The majority states that the "crux of the trial court's ruling
was that the allegations contained in the third-party complaint
were without legal basis." Slip op. at 6. While I may agree with
the majority's conclusion that there is not a duty to warn or keep
a lookout for vehicles approaching from behind, I cannot agree that
the remaining allegations in the third-party complaint lacked a
sufficient legal basis. In addition to alleging that Pelini did
not keep a proper lookout and that Pelini stopped without warning,
the third-party complaint also alleged that Pelini failed to
exercise reasonable care in operating her vehicle. It is well
settled in Illinois that the driver of a motor vehicle does have a
duty to exercise reasonable care in operating her vehicle to avoid
a collision. Moran v. Gatz, 390 Ill. 478, 481 (1945). In light of
this long-standing rule, I believe that the allegation that Pelini
failed to exercise reasonable care in operating her vehicle serves
as a sufficient legal basis.
I also believe that the trial court abused its discretion in
finding that there was an inadequate legal investigation of the
facts.
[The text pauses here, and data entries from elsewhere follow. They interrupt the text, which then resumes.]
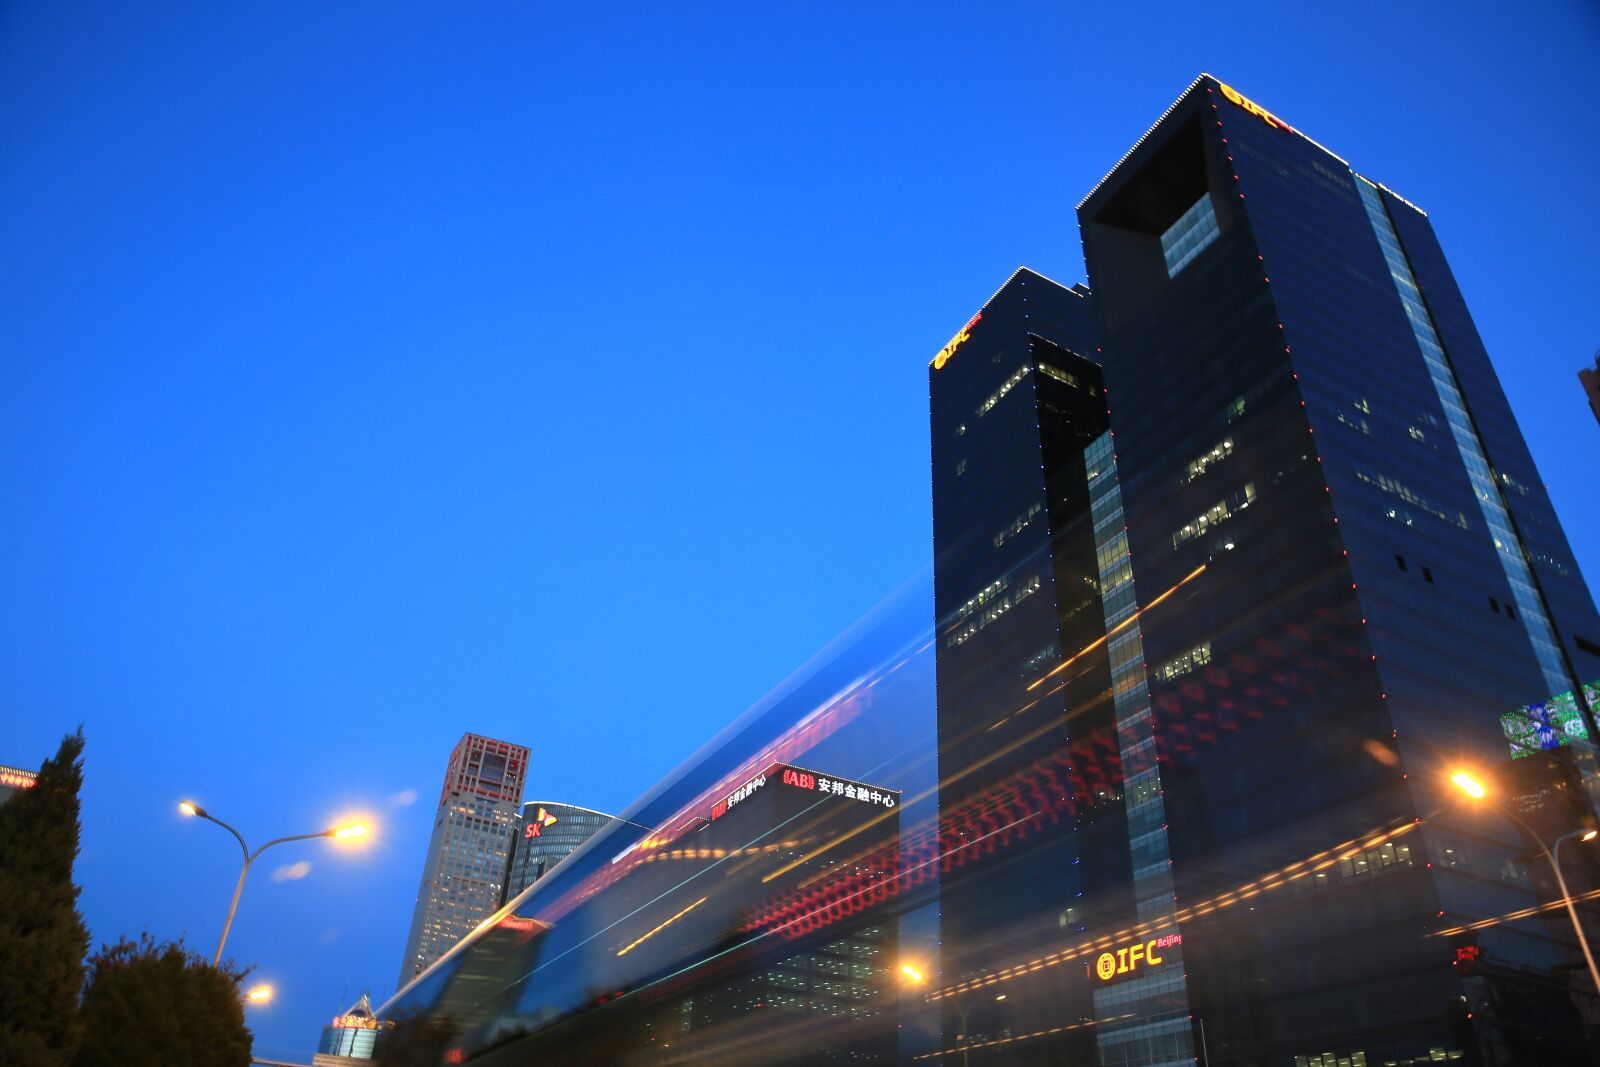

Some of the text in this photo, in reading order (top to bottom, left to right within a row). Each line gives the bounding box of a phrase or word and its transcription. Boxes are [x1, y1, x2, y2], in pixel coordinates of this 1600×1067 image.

[818, 778, 895, 808] 安邦金融中心
[524, 823, 542, 839] SK
[1116, 934, 1182, 974] IFC Beijing
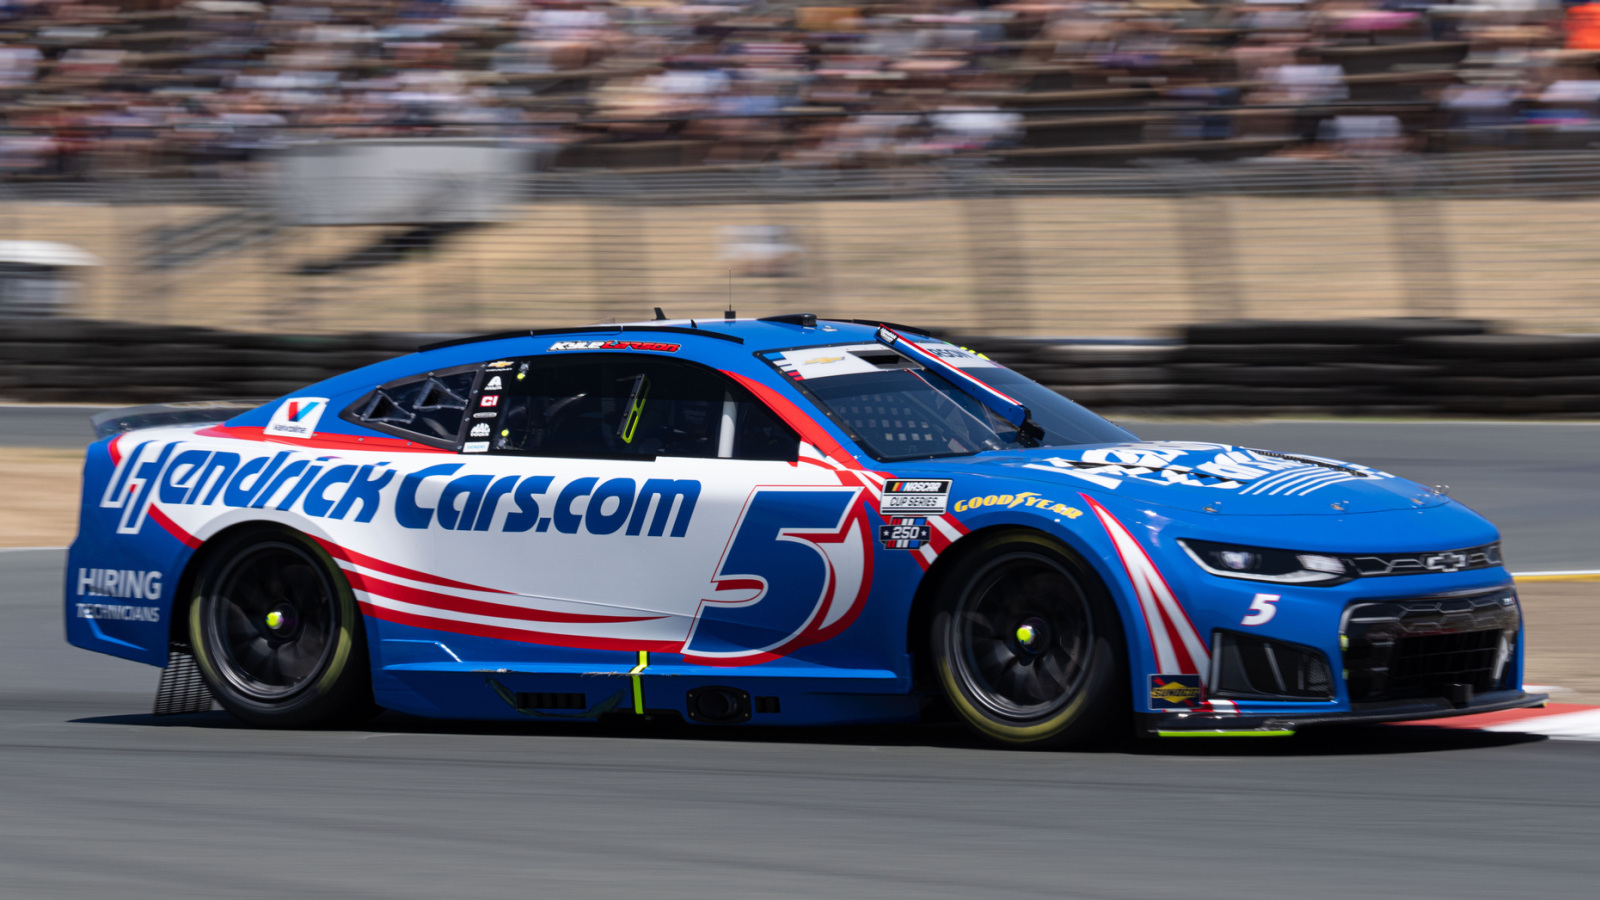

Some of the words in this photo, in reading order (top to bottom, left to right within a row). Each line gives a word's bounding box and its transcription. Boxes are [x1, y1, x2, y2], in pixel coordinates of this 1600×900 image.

[903, 482, 942, 492] NASCAR
[890, 497, 908, 506] CUP
[908, 497, 938, 506] SERIES
[954, 492, 1083, 519] GOODYEAR
[891, 526, 920, 539] 250
[76, 567, 163, 600] HIRING
[680, 484, 870, 661] 5
[75, 602, 161, 623] TECHNICIANS
[1240, 593, 1281, 626] 5
In drafting the third-party complaint, Fleming relied on a
telephone conversation with Gaynor in which Gaynor told Fleming
that Pelini stopped suddenly and that there was no traffic or other
reason for the stop. Fleming also relied on the written statement
that Gaynor submitted to his insurance company. In the written
statement, Gaynor recounted that after Pelini started to make a
right turn she suddenly stopped. Moreover, the diagram attached to
the written statement depicted that Pelini's car started to enter
the intersection. According to Fleming, the police report
included neither a description of the events precipitating the
accident nor a list of witnesses. Also, plaintiff named Pelini as
a defendant in the original complaint, and Fleming was not aware
that Pelini had been dismissed as a defendant at the time that she
filed the third-party complaint. In light of this evidence, I
believe that Fleming had sufficiently investigated the facts prior
to filing the third-party complaint and that her actions were
reasonable under the circumstances. See Jurgensen v. Haslinger,
295 Ill. App. 3d 139, 143 (1998) (a party's conduct must be
reasonable at the time of filing).
Given that there was no evidence before the trial court to
suggest that Parillo, Weiss filed the third-party complaint for
vexatious or harassing purposes and that the third-party complaint
was both legally and factually sufficient, I would reverse the
trial court's imposition of sanctions. For the same reasons, I
disagree with the majority's decision to impose additional
sanctions pursuant to Supreme Court Rule 375.